- A report from Chalmers University of Technology, Sweden, found that organic food production leads to higher carbon emissions.
- This includes livestock as well as vegetables, as organic farming requires no fertilizer usage.
- Certain types of organic foods are less impactful than others, the researchers note.
History has not been kind to Earl Butz. From 1971–76, the Indiana native served as secretary of agriculture, reengineering several New Deal-era farm programs. One of his most famous statements, that large-scale farmers need to plant commodity crops from “fencerow to fencerow,” became a historical landmark for the destruction of the family farm — critics were surprised given that he grew up on his family’s dairy farm. His championing of corn, for example, has led to numerous problems for our soil and stomachs today.
Yet I couldn’t help but think of Butz when I read a new report, published in Nature on December 13, from Chalmers University of Technology, Sweden. The school’s researchers studied the impact of organic and conventional food production on the climate. What they found is that organic farming results in higher carbon emissions than conventional farming.
Associate professor Stefan Wirsenius explains:
Our study shows that organic peas, farmed in Sweden, have around a 50 percent bigger climate impact than conventionally farmed peas. For some foodstuffs, there is an even bigger difference — for example, with organic Swedish winter wheat the difference is closer to 70 percent.
The reason for this is simple: organic farming takes up much more land. This applies to vegetables, but also meat, as organically-raised livestock require food that is free from fertilizers, according to Wirsenius. The “Carbon Opportunity Cost,” their new measure of agriculture’s environmental impact, includes the deforestation necessary to clear more land for organic farms.

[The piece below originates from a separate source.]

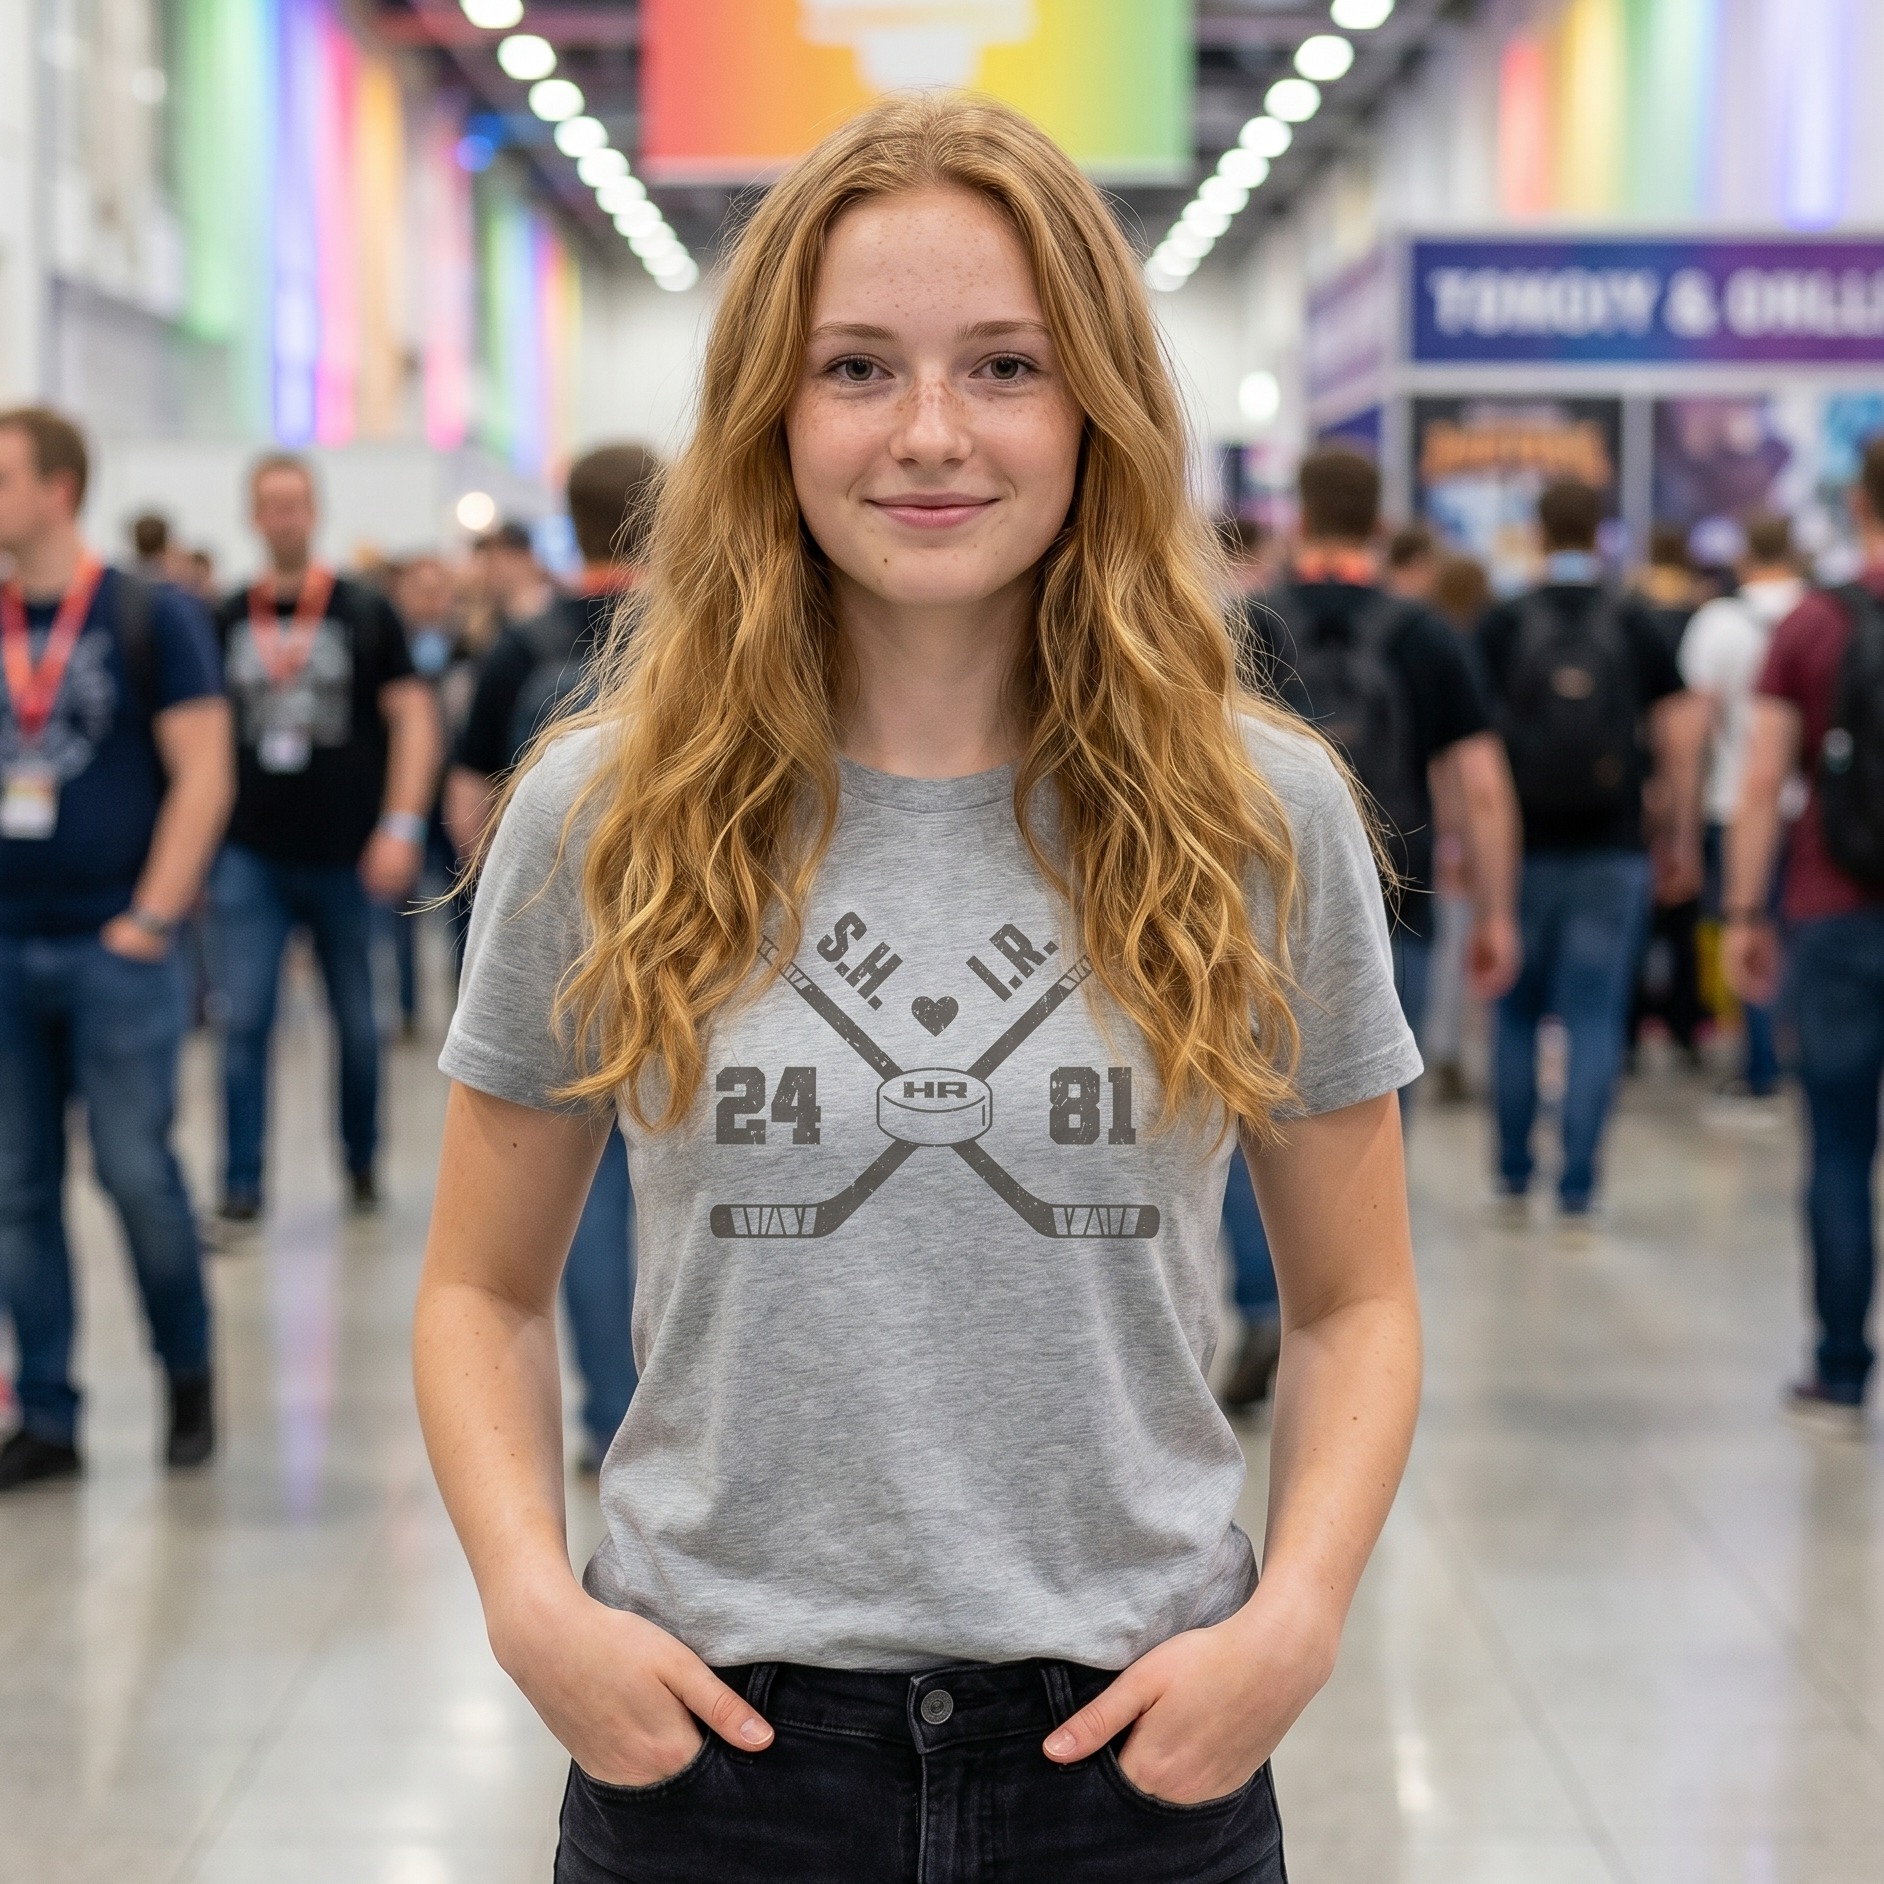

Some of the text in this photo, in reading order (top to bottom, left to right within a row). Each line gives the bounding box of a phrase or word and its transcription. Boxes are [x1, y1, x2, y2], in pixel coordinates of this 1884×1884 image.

This is tough news for those of us that support and purchase organic foods. Thanks to the journalist Michael Pollan, I too am a fan of Joel Salatin’s food writings on natural agricultural cycles, not only from an ethical standpoint but also in honoring how all aspects of farming interact with one another. Mono-cropping — growing the same fruits and vegetables on same plot of land each year — has caused disastrous environmental and cultures impacts, such as soil erosion and the displacement of indigenous peoples. There is no doubt that fertilizer-heavy “conventional” techniques are not good for the planet either.
Yet we have to face the fact that the planet might not be able to sustainably support 7.7 billion people — by 2050 we are poised to reach 9.8 billion. While many people champion organic food (whether for health or ethical reasons) Wirsenius states an increase in organic food production will likely raise carbon output, compromising sustainability. He does note that type of food matters, however.
Eating organic beans or organic chicken is much better for the climate than to eat conventionally produced beef. Organic food does have several advantages compared with food produced by conventional methods. For example, it is better for farm animal welfare. But when it comes to the climate impact, our study shows that organic food is a much worse alternative, in general.
Wirsenius also says that beef and lamb are the worst for the environment, while pork, chicken, fish, and eggs have less of an impact. He recommends choosing beans over cheese for a protein source if environmental impact is important to you.
Butz was a corporate shill whose legacy was more harmful than helpful. Yet, he was right that we needed the best yield from the least amount of space. His methods of attaining such have been damaging to our ecology and bodies, but it doesn’t change the fact that sustaining our current population produces serious consequences. If anything is “natural,” it’s this fact: There is only so much the planet can provide before we’ve exhausted its resources.